[Phrase grounding data]

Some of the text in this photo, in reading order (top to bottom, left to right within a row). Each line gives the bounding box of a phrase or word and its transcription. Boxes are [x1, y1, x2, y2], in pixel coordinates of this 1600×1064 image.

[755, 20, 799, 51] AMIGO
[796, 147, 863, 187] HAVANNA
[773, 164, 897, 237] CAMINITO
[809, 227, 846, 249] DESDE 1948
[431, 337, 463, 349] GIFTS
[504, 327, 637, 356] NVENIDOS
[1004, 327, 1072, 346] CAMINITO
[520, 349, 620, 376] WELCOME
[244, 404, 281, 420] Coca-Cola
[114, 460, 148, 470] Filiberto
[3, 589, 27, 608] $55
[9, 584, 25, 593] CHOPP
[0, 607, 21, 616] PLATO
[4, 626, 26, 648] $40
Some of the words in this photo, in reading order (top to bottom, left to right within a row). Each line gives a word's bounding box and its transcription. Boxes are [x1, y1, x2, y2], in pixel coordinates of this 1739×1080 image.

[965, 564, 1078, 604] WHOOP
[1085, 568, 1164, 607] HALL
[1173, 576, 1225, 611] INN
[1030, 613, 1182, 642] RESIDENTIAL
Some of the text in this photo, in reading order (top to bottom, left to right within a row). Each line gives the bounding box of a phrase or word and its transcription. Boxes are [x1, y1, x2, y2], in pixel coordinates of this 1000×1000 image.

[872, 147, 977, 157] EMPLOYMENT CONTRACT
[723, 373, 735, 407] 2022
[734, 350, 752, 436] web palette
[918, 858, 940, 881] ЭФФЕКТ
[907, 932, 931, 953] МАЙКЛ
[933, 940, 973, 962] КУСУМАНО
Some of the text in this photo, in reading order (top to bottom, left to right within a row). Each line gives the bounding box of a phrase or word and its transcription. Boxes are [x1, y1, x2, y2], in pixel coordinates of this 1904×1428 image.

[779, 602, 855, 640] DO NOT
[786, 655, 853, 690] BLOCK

▸ **ABOUT THIS EXERCISE**
In full and without alteration, write out each record.

▸ **TASK OUTPUT**
Some of the text in this photo, in reading order (top to bottom, left to right within a row). Each line gives the bounding box of a phrase or word and its transcription. Boxes are [x1, y1, x2, y2], in pixel coordinates of this 1600×1064 image.

[755, 20, 799, 51] AMIGO
[796, 147, 863, 187] HAVANNA
[773, 164, 897, 237] CAMINITO
[809, 227, 846, 249] DESDE 1948
[431, 337, 463, 349] GIFTS
[504, 327, 637, 356] NVENIDOS
[1004, 327, 1072, 346] CAMINITO
[520, 349, 620, 376] WELCOME
[244, 404, 281, 420] Coca-Cola
[114, 460, 148, 470] Filiberto
[3, 589, 27, 608] $55
[9, 584, 25, 593] CHOPP
[0, 607, 21, 616] PLATO
[4, 626, 26, 648] $40
Some of the words in this photo, in reading order (top to bottom, left to right within a row). Each line gives a word's bounding box and its transcription. Boxes are [x1, y1, x2, y2], in pixel coordinates of this 1739×1080 image.

[965, 564, 1078, 604] WHOOP
[1085, 568, 1164, 607] HALL
[1173, 576, 1225, 611] INN
[1030, 613, 1182, 642] RESIDENTIAL
Some of the text in this photo, in reading order (top to bottom, left to right within a row). Each line gives the bounding box of a phrase or word and its transcription. Boxes are [x1, y1, x2, y2], in pixel coordinates of this 1000×1000 image.

[872, 147, 977, 157] EMPLOYMENT CONTRACT
[723, 373, 735, 407] 2022
[734, 350, 752, 436] web palette
[918, 858, 940, 881] ЭФФЕКТ
[907, 932, 931, 953] МАЙКЛ
[933, 940, 973, 962] КУСУМАНО
Some of the text in this photo, in reading order (top to bottom, left to right within a row). Each line gives the bounding box of a phrase or word and its transcription. Boxes are [x1, y1, x2, y2], in pixel coordinates of this 1904×1428 image.

[779, 602, 855, 640] DO NOT
[786, 655, 853, 690] BLOCK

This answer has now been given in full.